Caso só foi resolvido após mãe procurar a imprensa; Prefeitura já gastou mais de R$ 160 milhões com rotas escolares da Leo Rent a Car
Manaus – Uma mãe revoltada procurou o Portal Vizinho TV, na manhã desta quinta-feira (15), para denunciar o que classificou como descaso e falta de sensibilidade da Secretaria Municipal de Educação (Semed) no atendimento a alunos com necessidades especiais.
Segundo a denúncia, o filho da mãe, uma criança de apenas 11 anos, diagnosticada com TDAH e com laudos médicos comprovados, estava sendo obrigado a estudar longe de casa, em uma escola localizada na BR-174, no quilômetro 2, colocando a criança em situação de risco diário.
De acordo com a mãe, a Semed teria negado inicialmente a transferência para uma escola mais próxima do bairro União da Vitória, mesmo ciente de que a criança não possui rota escolar, teria que pegar dois ônibus e ainda atravessar uma das rodovias mais perigosas de Manaus.
“Meu filho tem TDAH, tenho laudo, ele só tem 11 anos. Não tem rota escolar. Ele teria que atravessar a BR-174 todos os dias. Isso é desumano”, desabafou.
A situação só começou a mudar depois que a mãe procurou o Portal Vizinho TV e informou que iria denunciar o caso aos veículos de comunicação.
Segundo ela, após a repercussão inicial e o aviso de que o caso se tornaria público, a Semed voltou atrás e resolveu rapidamente o problema, autorizando a transferência do aluno para uma escola mais próxima e segura.
O episódio levanta um alerta grave: quantas mães, sem acesso à imprensa, continuam tendo seus direitos ignorados?
A denúncia ganha ainda mais peso quando comparada aos valores milionários pagos pela Prefeitura de Manaus para o transporte escolar.
Entre 2021 e 2025, a Prefeitura já desembolsou R$ 387,7 milhões com transporte escolar.

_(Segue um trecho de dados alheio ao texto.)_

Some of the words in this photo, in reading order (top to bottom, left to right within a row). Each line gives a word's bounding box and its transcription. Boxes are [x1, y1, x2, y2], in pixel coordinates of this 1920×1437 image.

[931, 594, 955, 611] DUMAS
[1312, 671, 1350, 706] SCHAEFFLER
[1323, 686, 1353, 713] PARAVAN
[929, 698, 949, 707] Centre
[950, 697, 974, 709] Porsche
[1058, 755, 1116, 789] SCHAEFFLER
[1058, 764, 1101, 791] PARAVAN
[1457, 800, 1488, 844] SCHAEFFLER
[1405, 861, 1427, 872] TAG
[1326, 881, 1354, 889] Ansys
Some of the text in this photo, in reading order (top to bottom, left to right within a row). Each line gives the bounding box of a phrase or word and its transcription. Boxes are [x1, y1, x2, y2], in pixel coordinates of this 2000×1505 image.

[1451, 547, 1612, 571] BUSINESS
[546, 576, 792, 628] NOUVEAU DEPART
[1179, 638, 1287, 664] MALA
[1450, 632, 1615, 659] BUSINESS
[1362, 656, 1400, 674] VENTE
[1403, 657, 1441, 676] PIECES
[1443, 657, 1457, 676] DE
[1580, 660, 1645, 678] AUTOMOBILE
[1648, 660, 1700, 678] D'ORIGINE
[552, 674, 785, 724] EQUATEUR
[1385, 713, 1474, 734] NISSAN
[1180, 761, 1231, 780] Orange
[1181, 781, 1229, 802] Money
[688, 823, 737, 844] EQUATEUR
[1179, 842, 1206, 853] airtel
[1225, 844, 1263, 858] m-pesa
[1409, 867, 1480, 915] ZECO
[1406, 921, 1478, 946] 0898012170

Desse total, R$ 163,6 milhões — o equivalente a 42% do valor total — foram pagos somente à empresa Leo Rent a Car, responsável por grande parte das rotas escolares da rede municipal.
Mesmo com esse volume de dinheiro público, pais seguem denunciando rotas cortadas, ônibus ausentes e crianças expostas a riscos diários.